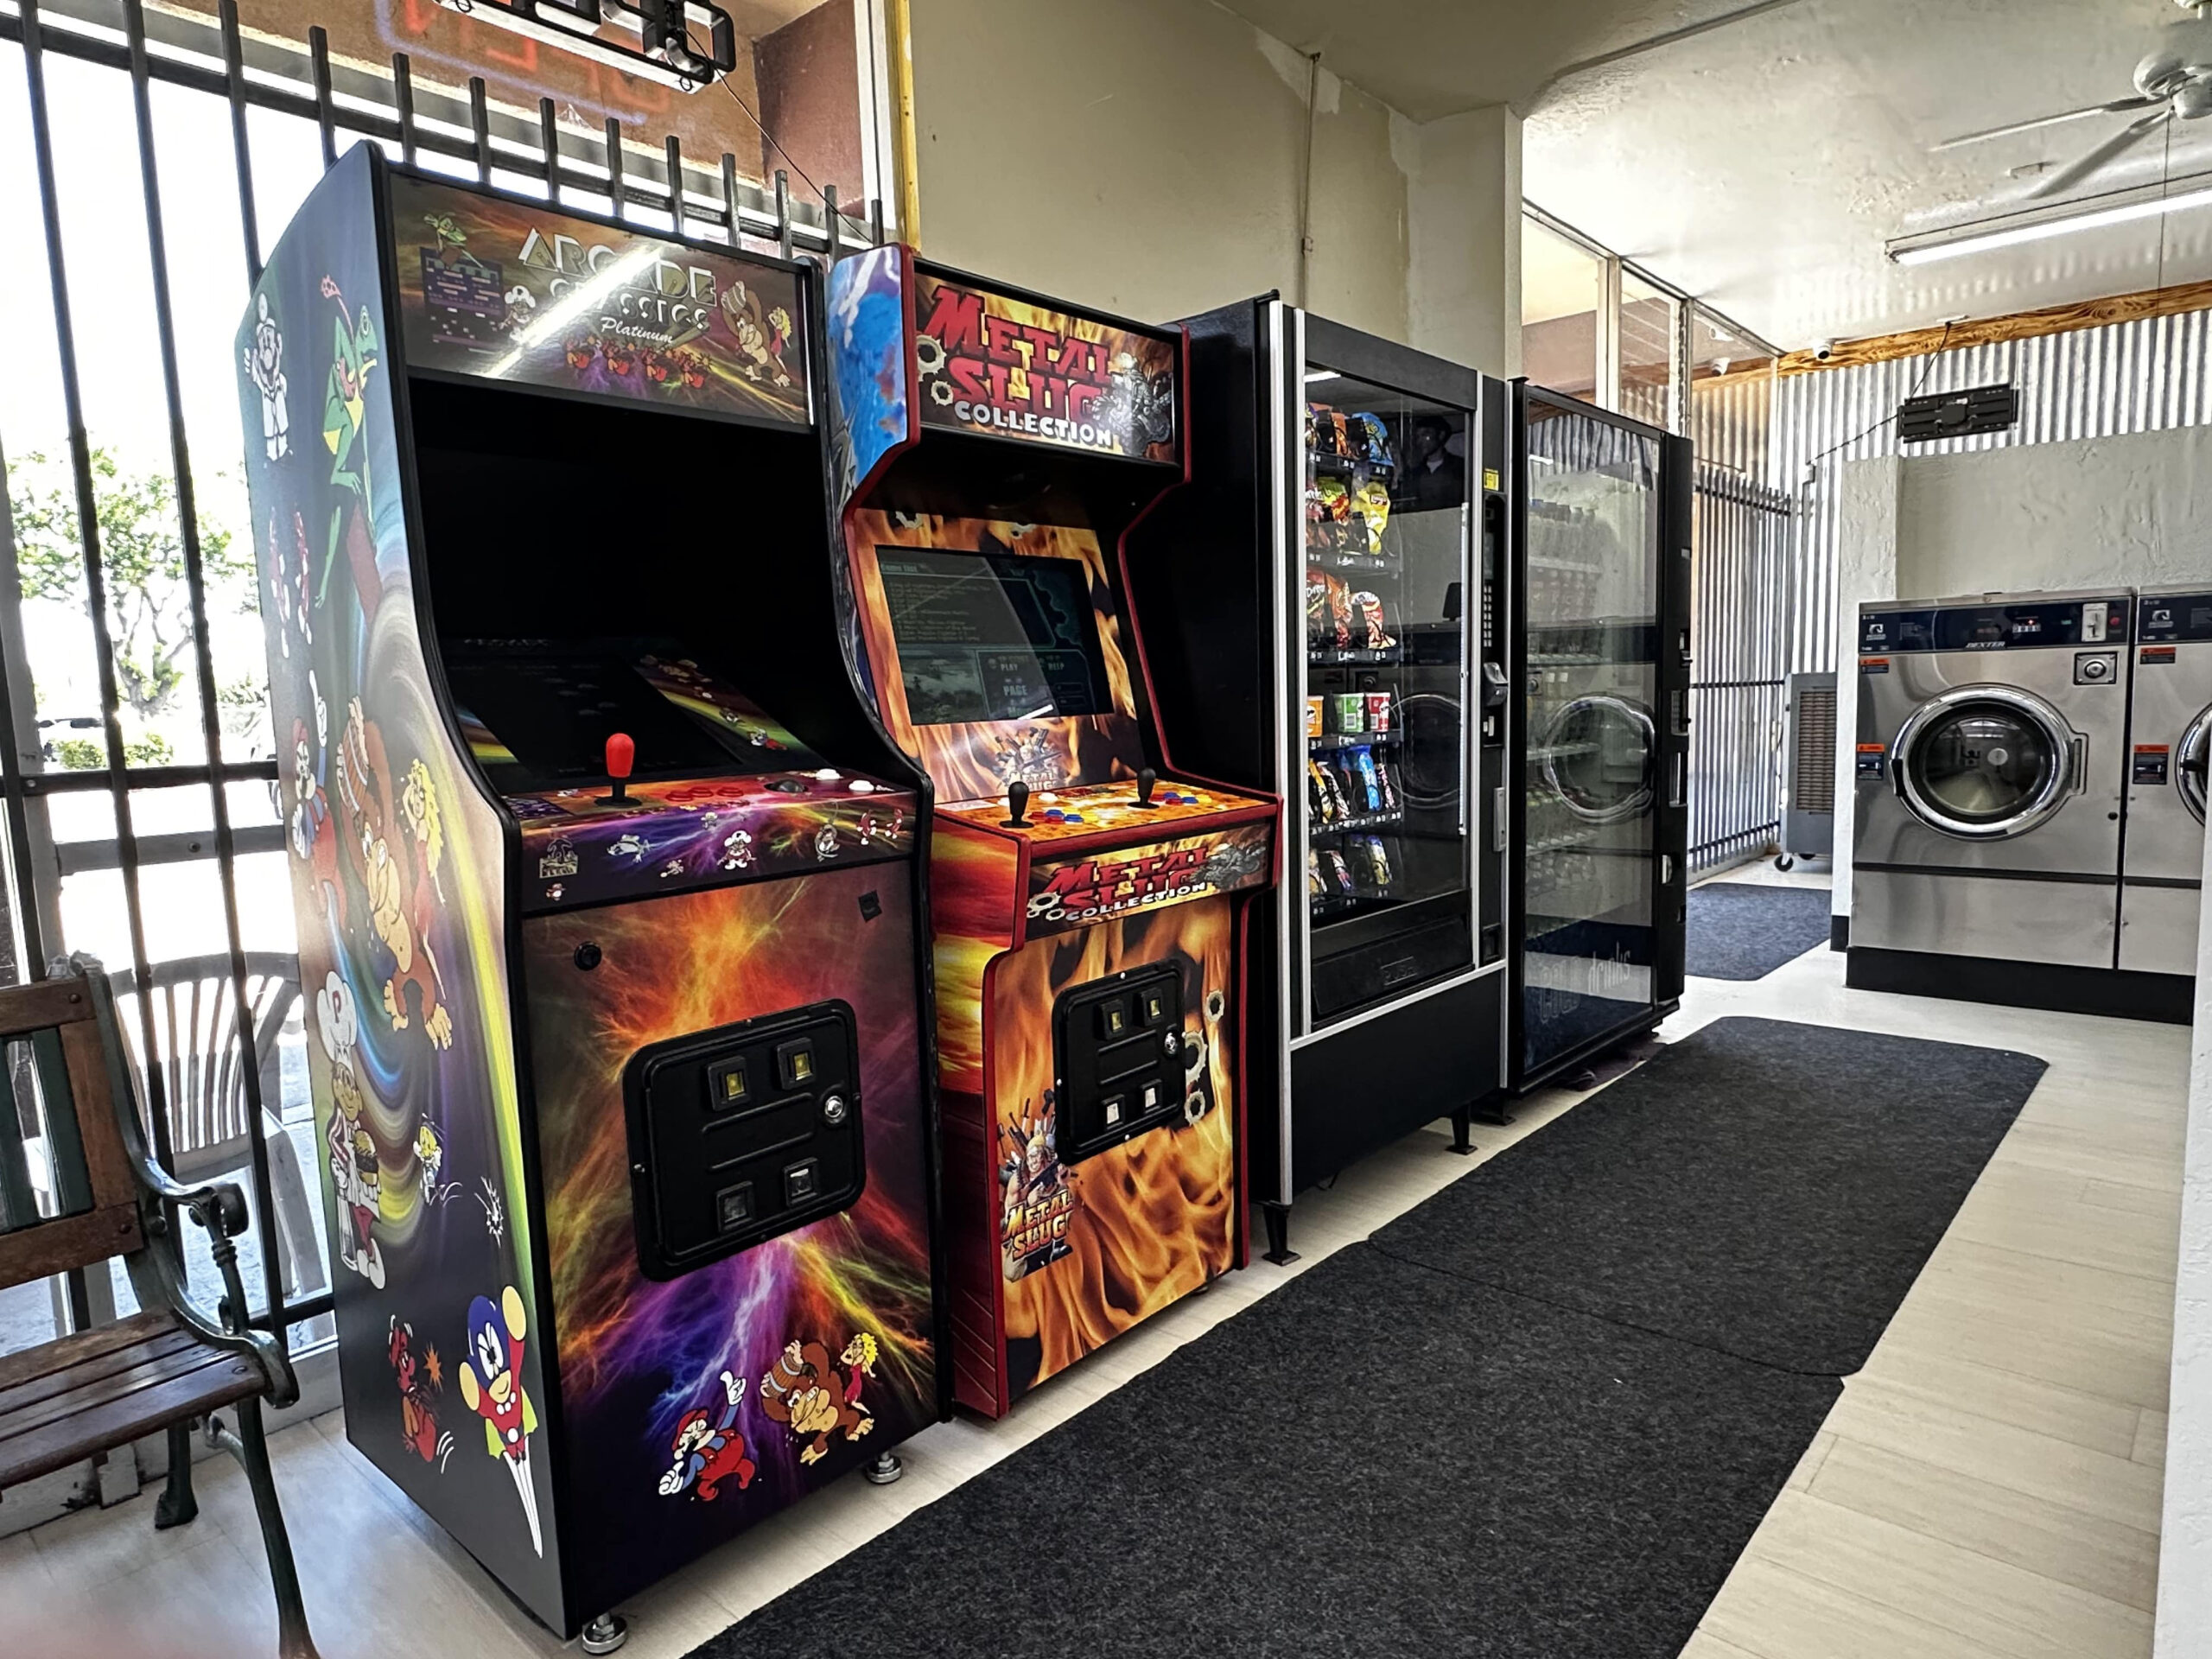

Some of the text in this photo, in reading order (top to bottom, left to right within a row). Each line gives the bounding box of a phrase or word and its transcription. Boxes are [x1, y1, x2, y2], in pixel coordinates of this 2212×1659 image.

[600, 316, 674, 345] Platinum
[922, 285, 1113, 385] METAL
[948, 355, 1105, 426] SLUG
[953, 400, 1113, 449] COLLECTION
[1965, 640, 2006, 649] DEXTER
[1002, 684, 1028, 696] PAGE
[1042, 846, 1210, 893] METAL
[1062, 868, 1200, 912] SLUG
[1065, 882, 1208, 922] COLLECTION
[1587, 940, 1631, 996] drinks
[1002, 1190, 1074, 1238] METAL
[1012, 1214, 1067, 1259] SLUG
---
Task:
Return all the entries word for word, but omit any pictures they contain.

Expected answer:
Some of the text in this photo, in reading order (top to bottom, left to right within a row). Each line gives the bounding box of a phrase or word and its transcription. Boxes are [x1, y1, x2, y2], in pixel coordinates of this 2212×1659 image.

[600, 316, 674, 345] Platinum
[922, 285, 1113, 385] METAL
[948, 355, 1105, 426] SLUG
[953, 400, 1113, 449] COLLECTION
[1965, 640, 2006, 649] DEXTER
[1002, 684, 1028, 696] PAGE
[1042, 846, 1210, 893] METAL
[1062, 868, 1200, 912] SLUG
[1065, 882, 1208, 922] COLLECTION
[1587, 940, 1631, 996] drinks
[1002, 1190, 1074, 1238] METAL
[1012, 1214, 1067, 1259] SLUG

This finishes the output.